Down-regulation of glutamatergic terminals (VGLUT1) driven by Aβ in Alzheimer's disease.

Alzheimer's disease (AD) is characterized phenotypically by memory impairment, histologically by accumulation of pTau and β-amyloid peptide and morphologically by a loss of nerve terminals in cortical and hippocampal regions. As glutamate is the principle excitatory neurotransmitter of the central nervous system (CNS), the glutamatergic system may play an important role in AD. To date, not many studies have addressed the deleterious effects of Aβ on glutamatergic terminals; therefore the aim of this study was to investigate how Aβ affects glutamatergic terminals and to assess the extent to which alterations in the glutamatergic neurotransmission could impact susceptibility to the illness.
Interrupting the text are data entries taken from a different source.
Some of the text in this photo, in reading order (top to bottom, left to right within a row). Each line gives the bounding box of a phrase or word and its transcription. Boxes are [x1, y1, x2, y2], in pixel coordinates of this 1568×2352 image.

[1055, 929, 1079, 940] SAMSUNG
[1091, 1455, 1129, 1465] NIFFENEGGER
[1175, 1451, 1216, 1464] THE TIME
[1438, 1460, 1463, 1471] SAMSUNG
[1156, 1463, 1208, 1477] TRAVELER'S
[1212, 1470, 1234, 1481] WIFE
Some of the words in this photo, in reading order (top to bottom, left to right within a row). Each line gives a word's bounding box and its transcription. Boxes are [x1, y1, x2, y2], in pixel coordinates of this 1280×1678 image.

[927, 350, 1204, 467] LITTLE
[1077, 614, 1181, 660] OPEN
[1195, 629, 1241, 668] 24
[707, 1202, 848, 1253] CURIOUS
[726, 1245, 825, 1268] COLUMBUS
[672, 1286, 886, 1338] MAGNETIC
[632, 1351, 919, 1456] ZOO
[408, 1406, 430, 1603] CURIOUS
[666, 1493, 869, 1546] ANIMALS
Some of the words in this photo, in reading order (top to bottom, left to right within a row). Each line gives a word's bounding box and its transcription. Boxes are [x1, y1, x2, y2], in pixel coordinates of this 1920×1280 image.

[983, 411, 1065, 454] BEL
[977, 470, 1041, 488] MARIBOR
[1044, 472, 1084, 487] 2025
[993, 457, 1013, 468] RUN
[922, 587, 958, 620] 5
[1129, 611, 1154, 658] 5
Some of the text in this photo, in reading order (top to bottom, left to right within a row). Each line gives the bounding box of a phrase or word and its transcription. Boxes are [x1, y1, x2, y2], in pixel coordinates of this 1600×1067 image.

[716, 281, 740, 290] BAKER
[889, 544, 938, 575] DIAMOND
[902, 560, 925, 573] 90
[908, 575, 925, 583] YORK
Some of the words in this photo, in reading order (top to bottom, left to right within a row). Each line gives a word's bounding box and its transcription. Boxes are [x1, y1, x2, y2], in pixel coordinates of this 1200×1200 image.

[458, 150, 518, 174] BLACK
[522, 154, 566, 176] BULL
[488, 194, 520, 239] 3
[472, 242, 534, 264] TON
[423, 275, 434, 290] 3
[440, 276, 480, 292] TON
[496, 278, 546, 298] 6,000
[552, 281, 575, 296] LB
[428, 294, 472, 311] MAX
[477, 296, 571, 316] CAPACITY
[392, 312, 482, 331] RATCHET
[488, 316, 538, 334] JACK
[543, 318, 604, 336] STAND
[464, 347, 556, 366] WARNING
The present study shows that Aβ caused a loss of glutamatergic terminals, measured by VGLUT1 protein levels, in Tg2576 primary cell cultures, Tg2576 mice and AD patient brains, and also when Aβ was added exogenously to hippocampal cell cultures. Interestingly, no correlation was found between cognition and decreased VGLUT1 levels. Moreover, when Aβ1-42 was intracerebroventricularlly administered into VGLUT1+/- mice, altered synaptic plasticity and increased neuroinflammation was observed in the hippocampus of those animals. In conclusion, the present study not only revealed susceptibility of glutamatergic nerve terminals to Aβ induced toxicity but also underlined the importance of VGLUT1 in the progression of AD, as the decrease of this protein levels could increase the susceptibility to subsequent deleterious inputs by exacerbating Aβ induced neuroinflammation and synaptic plasticity disruption.